§ **The task**:
Repeat every record exactly, but keep images out of the copy.

§ **Supplied data**:

* * * *

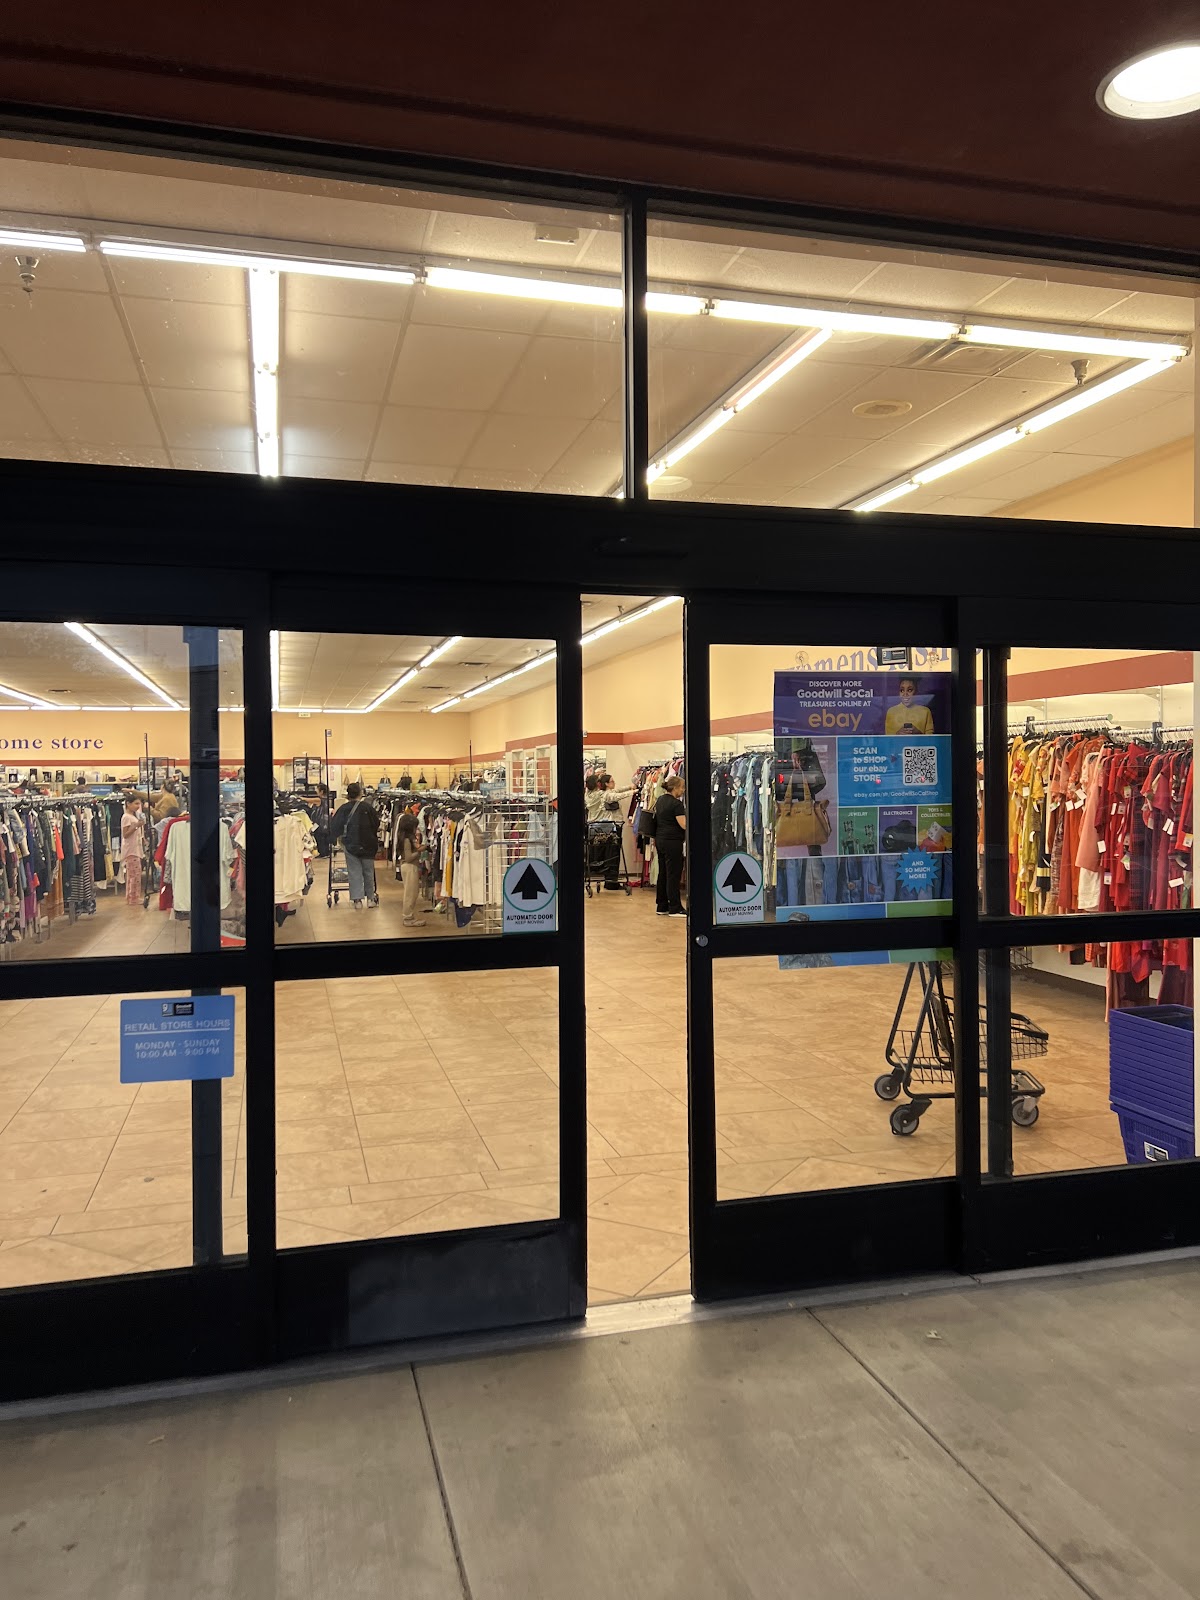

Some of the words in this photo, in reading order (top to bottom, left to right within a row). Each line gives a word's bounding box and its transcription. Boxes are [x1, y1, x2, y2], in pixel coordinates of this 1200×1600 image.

[796, 688, 842, 698] Goodwill
[844, 688, 874, 698] SoCal
[808, 708, 862, 732] ebay
[51, 736, 104, 749] store
[868, 765, 888, 773] ebay
[124, 1023, 158, 1032] RETAIL
[161, 1020, 192, 1030] STORE
[196, 1019, 230, 1028] HOURS
[135, 1041, 176, 1050] MONDAY
[184, 1039, 220, 1048] SUNDAY
[184, 1048, 203, 1056] 9:00
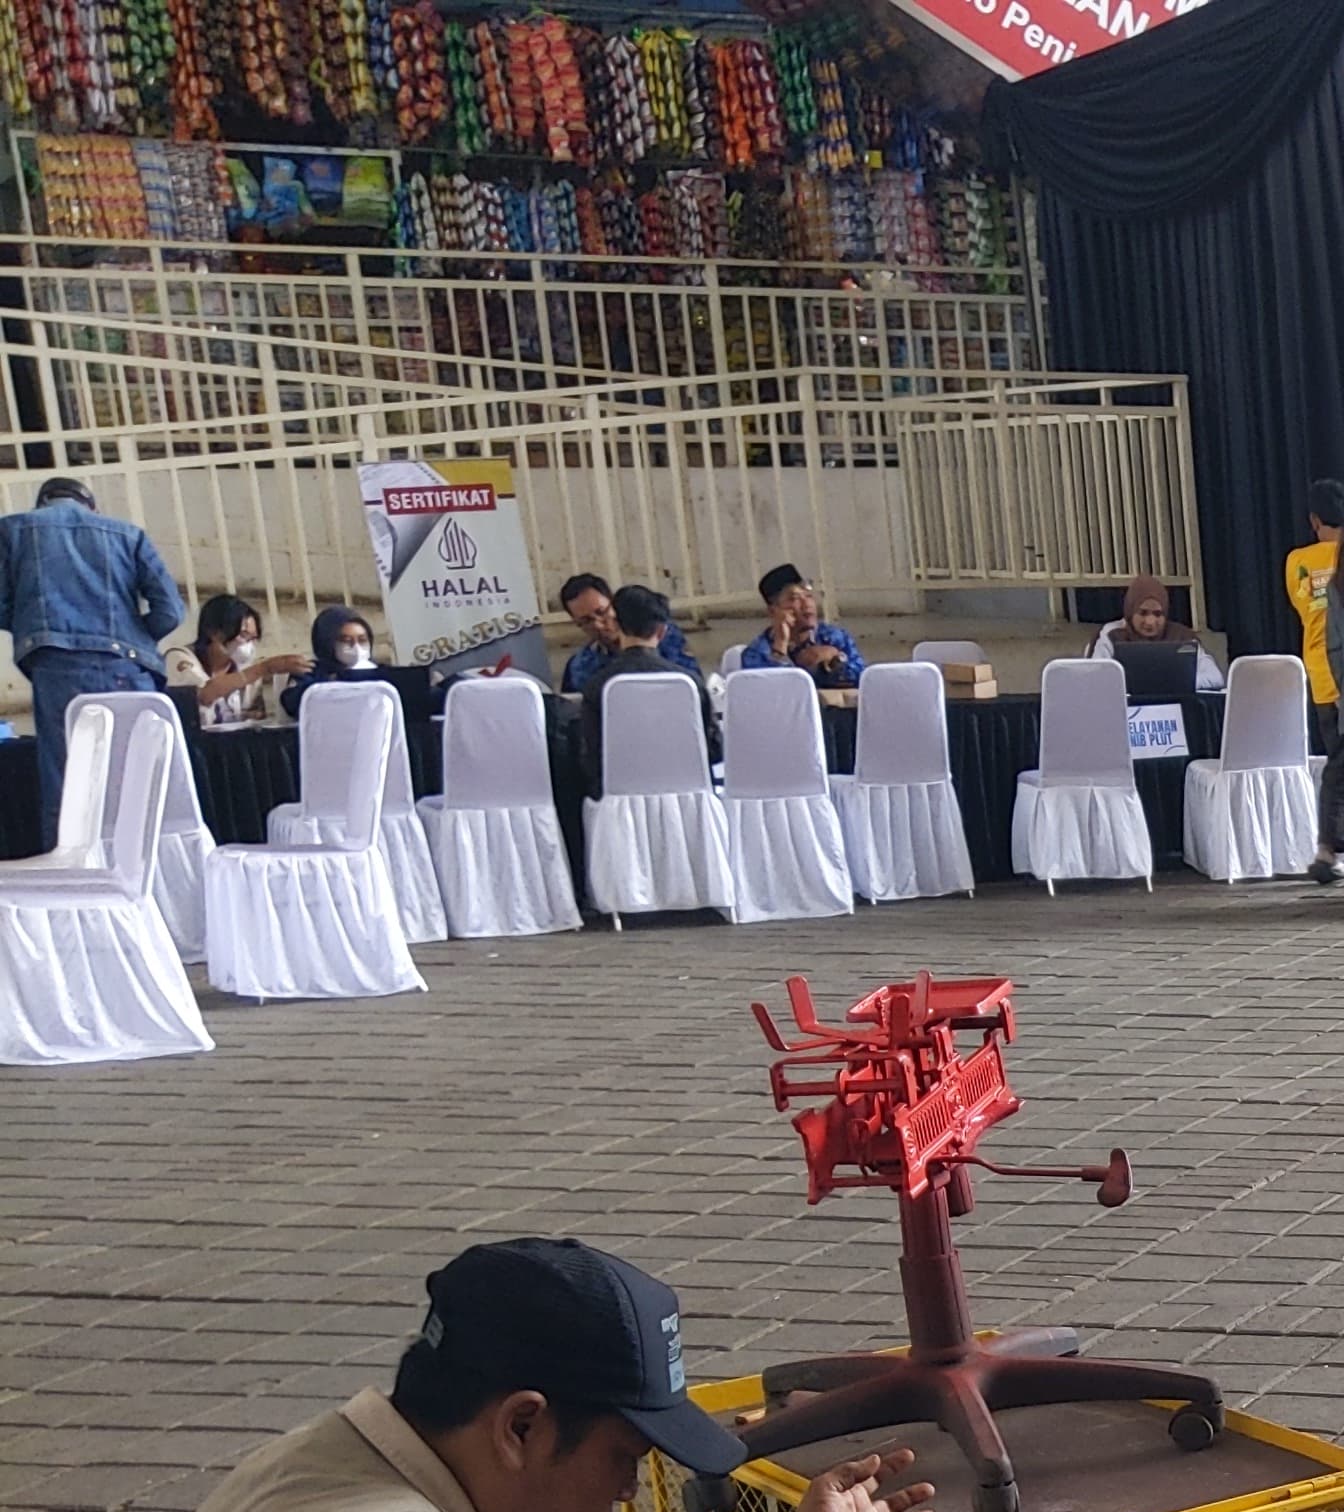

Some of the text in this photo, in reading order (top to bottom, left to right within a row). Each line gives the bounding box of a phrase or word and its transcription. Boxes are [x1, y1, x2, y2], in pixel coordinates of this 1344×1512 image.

[389, 489, 490, 510] SERTIFIKAT
[421, 575, 508, 598] HALAL
[424, 597, 512, 609] INDONESIA
[1129, 720, 1176, 734] ELAYANAN

* * * *

§ **Response for this exercise**:
Some of the words in this photo, in reading order (top to bottom, left to right within a row). Each line gives a word's bounding box and its transcription. Boxes are [x1, y1, x2, y2], in pixel coordinates of this 1200×1600 image.

[796, 688, 842, 698] Goodwill
[844, 688, 874, 698] SoCal
[808, 708, 862, 732] ebay
[51, 736, 104, 749] store
[868, 765, 888, 773] ebay
[124, 1023, 158, 1032] RETAIL
[161, 1020, 192, 1030] STORE
[196, 1019, 230, 1028] HOURS
[135, 1041, 176, 1050] MONDAY
[184, 1039, 220, 1048] SUNDAY
[184, 1048, 203, 1056] 9:00

Some of the text in this photo, in reading order (top to bottom, left to right within a row). Each line gives the bounding box of a phrase or word and its transcription. Boxes are [x1, y1, x2, y2], in pixel coordinates of this 1344×1512 image.

[389, 489, 490, 510] SERTIFIKAT
[421, 575, 508, 598] HALAL
[424, 597, 512, 609] INDONESIA
[1129, 720, 1176, 734] ELAYANAN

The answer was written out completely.